Task objective: Beginning with the line where "this 2352×1568 image." occurs, set down each line of the records through the final one, exactly and without additions.

** Opening Records for processing block **

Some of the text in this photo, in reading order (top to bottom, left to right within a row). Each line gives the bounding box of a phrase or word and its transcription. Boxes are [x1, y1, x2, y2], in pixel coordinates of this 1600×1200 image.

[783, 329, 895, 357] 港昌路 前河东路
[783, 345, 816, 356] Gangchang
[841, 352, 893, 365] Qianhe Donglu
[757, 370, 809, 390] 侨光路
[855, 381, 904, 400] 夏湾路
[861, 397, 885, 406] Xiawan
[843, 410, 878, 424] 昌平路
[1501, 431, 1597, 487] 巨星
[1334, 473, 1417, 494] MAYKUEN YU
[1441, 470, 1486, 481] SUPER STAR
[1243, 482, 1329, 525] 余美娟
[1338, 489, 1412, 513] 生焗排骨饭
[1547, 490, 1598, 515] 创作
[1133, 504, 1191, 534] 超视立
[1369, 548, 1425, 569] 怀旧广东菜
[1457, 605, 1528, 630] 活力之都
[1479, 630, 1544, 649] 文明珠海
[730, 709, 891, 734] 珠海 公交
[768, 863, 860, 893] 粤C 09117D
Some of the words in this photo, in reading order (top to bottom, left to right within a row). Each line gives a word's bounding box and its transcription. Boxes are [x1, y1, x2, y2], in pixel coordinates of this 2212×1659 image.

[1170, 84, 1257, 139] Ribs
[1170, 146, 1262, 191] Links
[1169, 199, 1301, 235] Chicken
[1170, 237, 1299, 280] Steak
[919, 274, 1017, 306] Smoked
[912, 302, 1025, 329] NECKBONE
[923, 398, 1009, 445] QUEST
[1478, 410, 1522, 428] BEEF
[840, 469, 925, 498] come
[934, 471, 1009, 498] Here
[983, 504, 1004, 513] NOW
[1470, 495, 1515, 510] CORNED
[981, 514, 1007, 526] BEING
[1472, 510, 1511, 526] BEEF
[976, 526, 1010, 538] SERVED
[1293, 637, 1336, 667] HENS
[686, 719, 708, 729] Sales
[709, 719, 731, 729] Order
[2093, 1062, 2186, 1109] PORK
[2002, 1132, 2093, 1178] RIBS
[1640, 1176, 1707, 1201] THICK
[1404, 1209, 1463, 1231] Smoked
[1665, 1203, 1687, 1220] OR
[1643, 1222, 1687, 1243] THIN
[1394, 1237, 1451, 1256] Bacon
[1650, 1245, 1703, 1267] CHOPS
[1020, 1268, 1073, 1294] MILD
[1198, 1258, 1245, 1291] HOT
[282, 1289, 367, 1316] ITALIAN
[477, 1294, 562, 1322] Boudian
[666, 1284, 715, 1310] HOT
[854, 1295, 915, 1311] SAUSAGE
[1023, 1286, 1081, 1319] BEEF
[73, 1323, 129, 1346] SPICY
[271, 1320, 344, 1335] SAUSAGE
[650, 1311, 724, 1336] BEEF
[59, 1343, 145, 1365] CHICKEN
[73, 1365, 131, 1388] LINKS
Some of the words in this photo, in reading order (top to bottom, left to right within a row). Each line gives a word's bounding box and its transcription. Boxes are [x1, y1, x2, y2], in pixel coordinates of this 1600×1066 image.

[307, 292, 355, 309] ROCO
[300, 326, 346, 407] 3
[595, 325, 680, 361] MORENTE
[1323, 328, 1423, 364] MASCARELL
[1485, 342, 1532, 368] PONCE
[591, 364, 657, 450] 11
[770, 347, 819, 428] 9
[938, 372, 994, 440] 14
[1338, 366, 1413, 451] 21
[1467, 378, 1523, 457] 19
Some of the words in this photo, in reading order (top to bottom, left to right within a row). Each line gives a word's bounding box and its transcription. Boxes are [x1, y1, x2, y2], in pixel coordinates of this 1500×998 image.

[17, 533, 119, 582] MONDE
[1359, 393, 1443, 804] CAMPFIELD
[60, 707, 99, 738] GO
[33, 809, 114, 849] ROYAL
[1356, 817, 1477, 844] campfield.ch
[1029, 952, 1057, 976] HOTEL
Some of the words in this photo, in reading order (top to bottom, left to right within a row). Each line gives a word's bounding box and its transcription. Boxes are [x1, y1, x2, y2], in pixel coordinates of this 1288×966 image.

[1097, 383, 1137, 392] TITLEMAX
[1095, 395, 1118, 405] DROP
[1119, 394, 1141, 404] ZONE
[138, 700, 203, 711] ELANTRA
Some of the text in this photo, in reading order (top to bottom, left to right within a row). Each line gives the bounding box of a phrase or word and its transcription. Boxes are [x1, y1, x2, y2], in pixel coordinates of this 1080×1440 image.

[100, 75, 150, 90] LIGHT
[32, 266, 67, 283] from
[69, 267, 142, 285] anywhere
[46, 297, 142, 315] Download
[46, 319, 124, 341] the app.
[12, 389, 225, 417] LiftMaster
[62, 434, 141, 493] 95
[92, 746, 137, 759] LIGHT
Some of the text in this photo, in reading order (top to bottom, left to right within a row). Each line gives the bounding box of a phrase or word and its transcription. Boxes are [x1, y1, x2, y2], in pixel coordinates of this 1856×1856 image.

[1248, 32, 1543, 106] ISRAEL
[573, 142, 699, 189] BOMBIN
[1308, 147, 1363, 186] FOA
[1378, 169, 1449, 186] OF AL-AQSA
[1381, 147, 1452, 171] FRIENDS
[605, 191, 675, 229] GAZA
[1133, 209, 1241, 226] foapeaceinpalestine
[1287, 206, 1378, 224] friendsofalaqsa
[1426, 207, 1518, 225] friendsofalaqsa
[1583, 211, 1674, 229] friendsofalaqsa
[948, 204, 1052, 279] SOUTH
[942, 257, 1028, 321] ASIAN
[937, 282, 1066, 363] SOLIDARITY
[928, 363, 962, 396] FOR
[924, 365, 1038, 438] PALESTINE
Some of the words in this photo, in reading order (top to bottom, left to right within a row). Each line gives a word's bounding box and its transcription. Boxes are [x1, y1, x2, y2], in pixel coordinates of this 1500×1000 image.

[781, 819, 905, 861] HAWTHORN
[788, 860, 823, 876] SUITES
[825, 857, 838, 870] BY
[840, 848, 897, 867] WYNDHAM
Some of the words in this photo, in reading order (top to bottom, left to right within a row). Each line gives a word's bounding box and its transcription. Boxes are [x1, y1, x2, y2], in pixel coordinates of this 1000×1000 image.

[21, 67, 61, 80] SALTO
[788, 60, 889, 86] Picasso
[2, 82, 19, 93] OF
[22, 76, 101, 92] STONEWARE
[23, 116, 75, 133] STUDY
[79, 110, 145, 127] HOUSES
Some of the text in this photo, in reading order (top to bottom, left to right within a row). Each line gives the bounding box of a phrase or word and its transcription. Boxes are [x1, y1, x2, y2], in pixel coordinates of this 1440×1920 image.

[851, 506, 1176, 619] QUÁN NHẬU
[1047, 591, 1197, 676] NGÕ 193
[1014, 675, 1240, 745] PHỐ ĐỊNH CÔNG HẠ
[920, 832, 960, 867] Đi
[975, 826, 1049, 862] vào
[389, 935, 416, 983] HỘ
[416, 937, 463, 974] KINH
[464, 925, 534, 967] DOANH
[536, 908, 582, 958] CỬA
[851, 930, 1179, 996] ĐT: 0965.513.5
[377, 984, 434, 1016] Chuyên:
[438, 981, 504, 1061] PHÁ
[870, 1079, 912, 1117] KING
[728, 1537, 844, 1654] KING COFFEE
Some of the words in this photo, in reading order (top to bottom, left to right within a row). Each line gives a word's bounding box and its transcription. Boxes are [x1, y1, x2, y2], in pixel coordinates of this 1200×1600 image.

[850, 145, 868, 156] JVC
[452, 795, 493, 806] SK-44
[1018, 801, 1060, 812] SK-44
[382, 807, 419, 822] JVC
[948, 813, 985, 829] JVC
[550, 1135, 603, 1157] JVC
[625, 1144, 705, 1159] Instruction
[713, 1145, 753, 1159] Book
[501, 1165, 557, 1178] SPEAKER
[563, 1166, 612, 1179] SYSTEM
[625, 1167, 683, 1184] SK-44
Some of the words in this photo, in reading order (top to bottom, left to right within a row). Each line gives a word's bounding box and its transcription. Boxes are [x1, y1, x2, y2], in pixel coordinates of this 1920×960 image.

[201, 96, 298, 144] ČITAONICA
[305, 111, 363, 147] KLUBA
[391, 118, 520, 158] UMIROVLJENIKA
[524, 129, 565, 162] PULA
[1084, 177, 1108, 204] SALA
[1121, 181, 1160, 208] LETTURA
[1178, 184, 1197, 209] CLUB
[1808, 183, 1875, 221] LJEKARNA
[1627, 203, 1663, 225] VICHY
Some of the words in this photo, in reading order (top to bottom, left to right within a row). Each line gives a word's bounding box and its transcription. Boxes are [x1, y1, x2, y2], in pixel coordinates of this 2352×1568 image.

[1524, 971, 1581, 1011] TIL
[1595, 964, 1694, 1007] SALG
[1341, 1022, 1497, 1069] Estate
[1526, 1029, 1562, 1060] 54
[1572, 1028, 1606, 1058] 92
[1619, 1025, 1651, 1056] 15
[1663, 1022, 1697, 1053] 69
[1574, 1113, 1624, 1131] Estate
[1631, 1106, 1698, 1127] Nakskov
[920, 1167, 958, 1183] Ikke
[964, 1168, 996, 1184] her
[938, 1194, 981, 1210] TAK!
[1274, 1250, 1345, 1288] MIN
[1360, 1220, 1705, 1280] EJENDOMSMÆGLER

** Closing Records for processing block **

Written solution:
Some of the words in this photo, in reading order (top to bottom, left to right within a row). Each line gives a word's bounding box and its transcription. Boxes are [x1, y1, x2, y2], in pixel coordinates of this 2352×1568 image.

[1524, 971, 1581, 1011] TIL
[1595, 964, 1694, 1007] SALG
[1341, 1022, 1497, 1069] Estate
[1526, 1029, 1562, 1060] 54
[1572, 1028, 1606, 1058] 92
[1619, 1025, 1651, 1056] 15
[1663, 1022, 1697, 1053] 69
[1574, 1113, 1624, 1131] Estate
[1631, 1106, 1698, 1127] Nakskov
[920, 1167, 958, 1183] Ikke
[964, 1168, 996, 1184] her
[938, 1194, 981, 1210] TAK!
[1274, 1250, 1345, 1288] MIN
[1360, 1220, 1705, 1280] EJENDOMSMÆGLER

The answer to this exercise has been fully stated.